We tested whether the phyletic measure of this mitochondrial DNA (mtDNA) tree is a reasonable and useful proxy of diversity information when we cannot hope to know the entire species tree on timescales needed for conservation or ecology. Calibrating such a PD approach to diversity assessment would offer a researcher the full speed of a DNA-based approach. Furthermore, it allows one to avoid the issue of species/barcode equivalence if the trends produced in proof of principle comparisons provide nonsignificantly different patterns of identification (as in Smith et al. 2005). This could provide significant acceleration in terms of between-site comparisons (as in Smith et al. 2005; Forest et al. 2007), but also for within-site measures of sampling efficiency. In the case of the latter, a standard measure of efficient sampling, a species accumulation curve (Gottelli & Colwell 2001), could be augmented by the calculation of a DNA barcode accumulation curve (DBAC). Because of the standardization of the approach, inferences based on such a curve would be transparent to future researchers and directly comparable across time and space to other sampling regimes and taxa.

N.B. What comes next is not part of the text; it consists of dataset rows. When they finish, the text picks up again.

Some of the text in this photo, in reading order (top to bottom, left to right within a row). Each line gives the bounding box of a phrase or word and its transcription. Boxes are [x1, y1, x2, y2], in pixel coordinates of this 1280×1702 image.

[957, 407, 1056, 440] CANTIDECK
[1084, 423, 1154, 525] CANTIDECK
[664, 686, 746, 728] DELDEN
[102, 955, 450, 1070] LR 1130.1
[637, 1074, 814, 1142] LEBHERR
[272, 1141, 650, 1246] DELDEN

We tested whether PD assessments of collections made in sub-Arctic Canada (Churchill, Manitoba) in 2006 for parasitoid wasps and ants: (i) would increase in an asymptotic fashion with sampling intensity; (ii) that this accumulation would not be significantly different from the taxonomic accumulation identified using such names as could be assigned based on morphology; and (iii) further, that this barcode trend would not be significantly different from patterns using a single nuclear locus.

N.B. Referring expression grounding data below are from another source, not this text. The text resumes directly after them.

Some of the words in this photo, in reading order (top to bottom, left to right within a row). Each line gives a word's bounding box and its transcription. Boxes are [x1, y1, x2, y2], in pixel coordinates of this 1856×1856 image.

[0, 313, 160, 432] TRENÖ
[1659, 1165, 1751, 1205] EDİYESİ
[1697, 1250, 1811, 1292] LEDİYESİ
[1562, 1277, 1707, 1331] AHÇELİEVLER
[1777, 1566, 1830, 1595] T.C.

Supporting these hypotheses would suggest that an analysis of DNA barcode PD could be a critical triage tool for conservation biologists and managers, providing transparent and reproducible estimates of within- and between-site diversity at a rate that is unapproachable for the most taxonomically labile groups and virtually impossible for the vast majority of life where the viscosity of taxonomic information has historically discouraged the inclusion of the small and the unknown in surveys of diversity.


Field collection and subsampling

We studied two different Hymenoptera groups: ants (Formicidae) and parasitoid wasps (Braconidae, Ichneumnidae, Cynipidae and Diapriidae). Samples were collected as part of the PROBE campaign carried out between 2005–2006 (ants) and 2006–2007 (parasitoid wasps). Specimens were collected using Malaise traps and pitfall traps, checked and emptied once per week. The traps were set up at 11 locations in the vicinity of the town of Churchill.

The specimens were preserved in 100% ethanol and transported back to the Biodiversity Institute of Ontario, Guelph (ants) and the Canadian National Collection of Insects, Arachnids and Nematodes (CNC), Ottawa (parasitoid wasps), where they were removed from ethanol in no intended order — and thus sampling should approach random — although it was not designed to be a priori. The specimens were pinned or placed in gel-capsules, photographed and a single leg removed and placed in a 96-well lysis plate. These plates were then shipped to the University of Guelph where DNA extraction, amplification and sequencing took place.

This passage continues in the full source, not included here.